Variable genomic regions are likely poorly represented in reference genomes. Reference genomes are assembled from different populations, clinical conditions, or habitats, and have therefore been exposed to different environments and selective pressures. This means that they, and the variable genomic regions they encode, are likely irrelevant to the samples under study. A major promise therefore lies in de novo assembly, which directly models all the information present in a metagenomic sample. Recent studies, however, have demonstrated that state-of-the-art assemblers work well mostly for highly abundant strains with low heterogeneity (9), and are depleted of critical components such as mobile genetic elements (10). Here, we claim this is a direct result of the genome-centric paradigm. We argue for a “genome-free” approach, which does not attempt to produce linear assemblies but instead uses a “pan-metagenomic” graph (Fig. 1) that directly represents genomic variability across microbes in multiple samples. While we focus on analysis of short-read sequencing data, similar arguments could be made for long-read data. Our belief is that this approach offers a better framework for studying genomic variability in the microbiome.

FIG 1.

FIG 1

(A) Visual comparison between a genome; a metagenome, the collection of all genomes from a sampled microbial community; and a pan-metagenome, a collection of genomes, each deriving from one of multiple sampled communities. (B) The heterogeneity caveat: genomic variation between closely-related genomes (dashed sections) induces branching structures in assembly graphs (dashed nodes and edges). Linear assembly breaks down these structures, resulting in either fragmented contigs or the removal of variable regions. (C) The abundance caveat: undersampling of low-abundance genomes creates gaps in their assemblies. Co-assembly attempts to exploit information from close-matching genomes in other samples (red path) to fill these gaps. Some regions from these genomes are identical (diagonally striped nodes) and facilitate co-assembly; others are divergent, and introduce additional branching to the graph. This may result in either chimeras or fragmented contigs, and lower-quality assemblies in general. (D) We propose a graph-based representation of the pan-metagenome that addresses the caveats of the current paradigm. Our representation models metagenomic data across multiple samples, while keeping track of the originating sample of each sequence (red, black, and green). Sequence homology is used to collapse similar genomic regions (overlapping nodes), attenuating excessive branching within the graph in order to reveal variation at different scales with no information loss.
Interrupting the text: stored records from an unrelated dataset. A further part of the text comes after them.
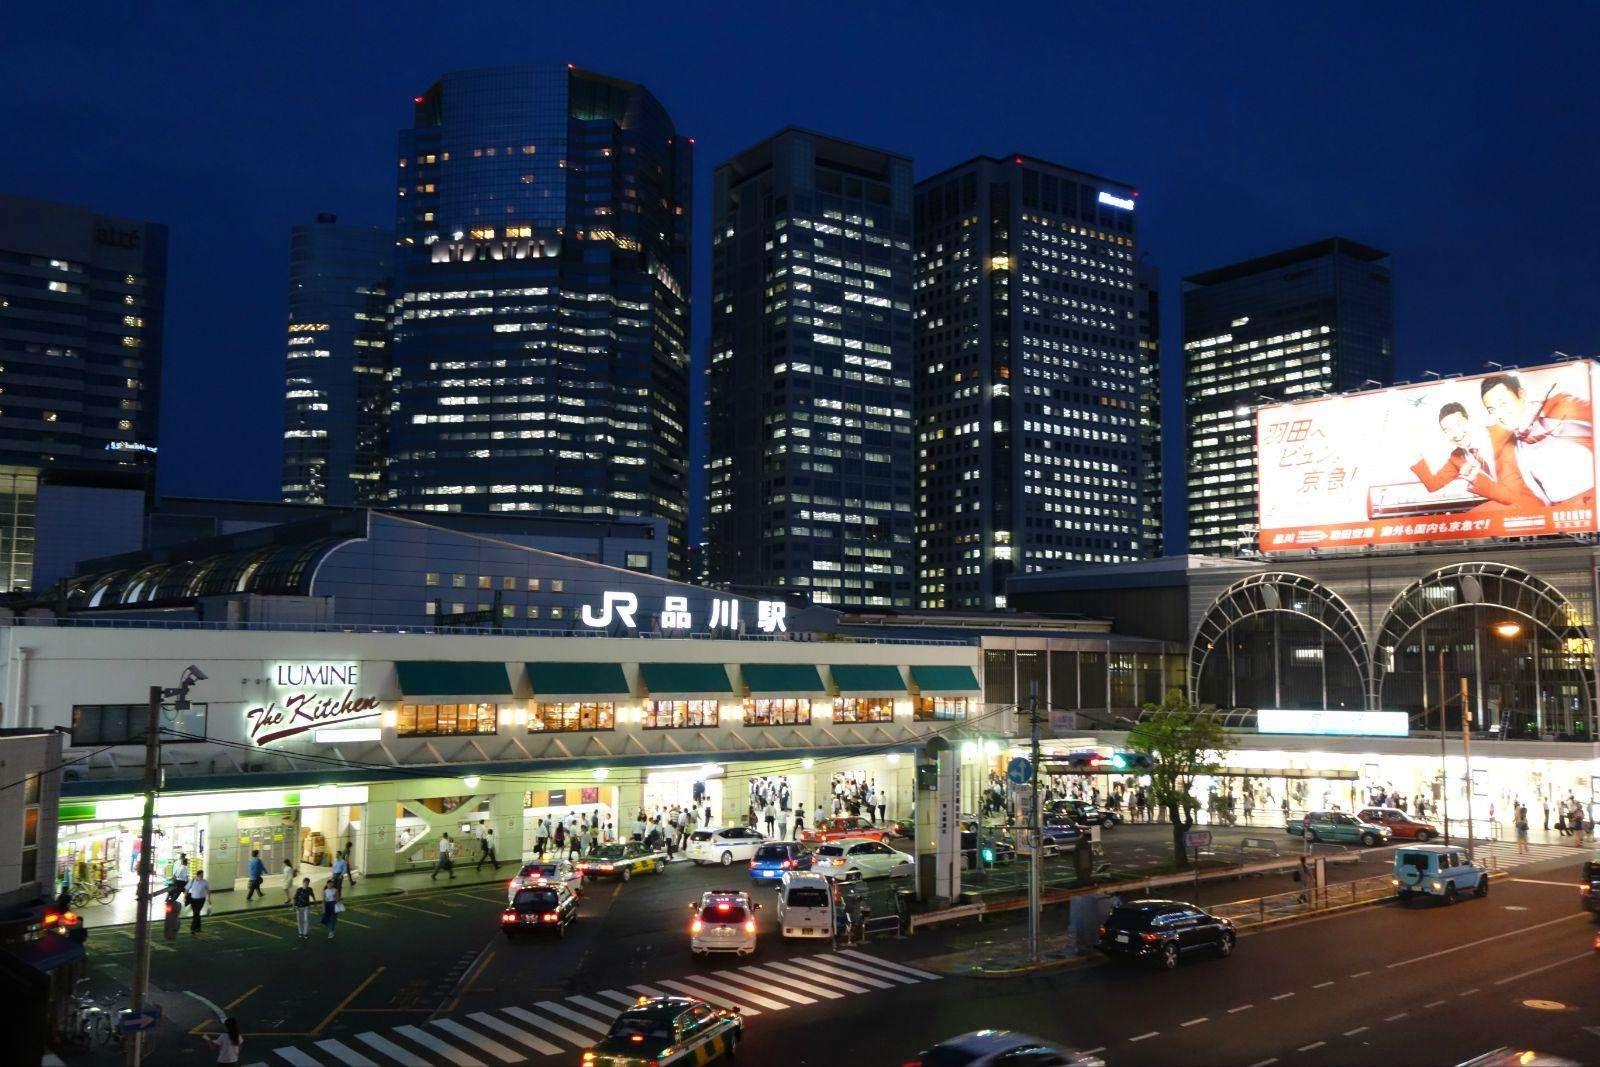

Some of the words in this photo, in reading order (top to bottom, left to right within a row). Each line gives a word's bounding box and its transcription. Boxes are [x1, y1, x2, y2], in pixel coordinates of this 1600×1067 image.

[582, 591, 638, 628] JR
[661, 596, 787, 632] 品川駅
[278, 665, 358, 685] LUMINE
[247, 703, 284, 738] The
[286, 688, 380, 724] Kitchen
THE GENOME-CENTRIC PARADIGM FAILS TO CAPTURE THE PAN-METAGENOME

Contemporary assemblers (1114) follow a similar process that realizes the genome-centric paradigm: sequencing reads are tiled into an assembly graph, which is then traversed to find paths representing linear contigs supported by the data. The goal of these assemblers is to generate the longest linear contigs possible, as reflected in some of the metrics used to assess assembly quality, such as N50.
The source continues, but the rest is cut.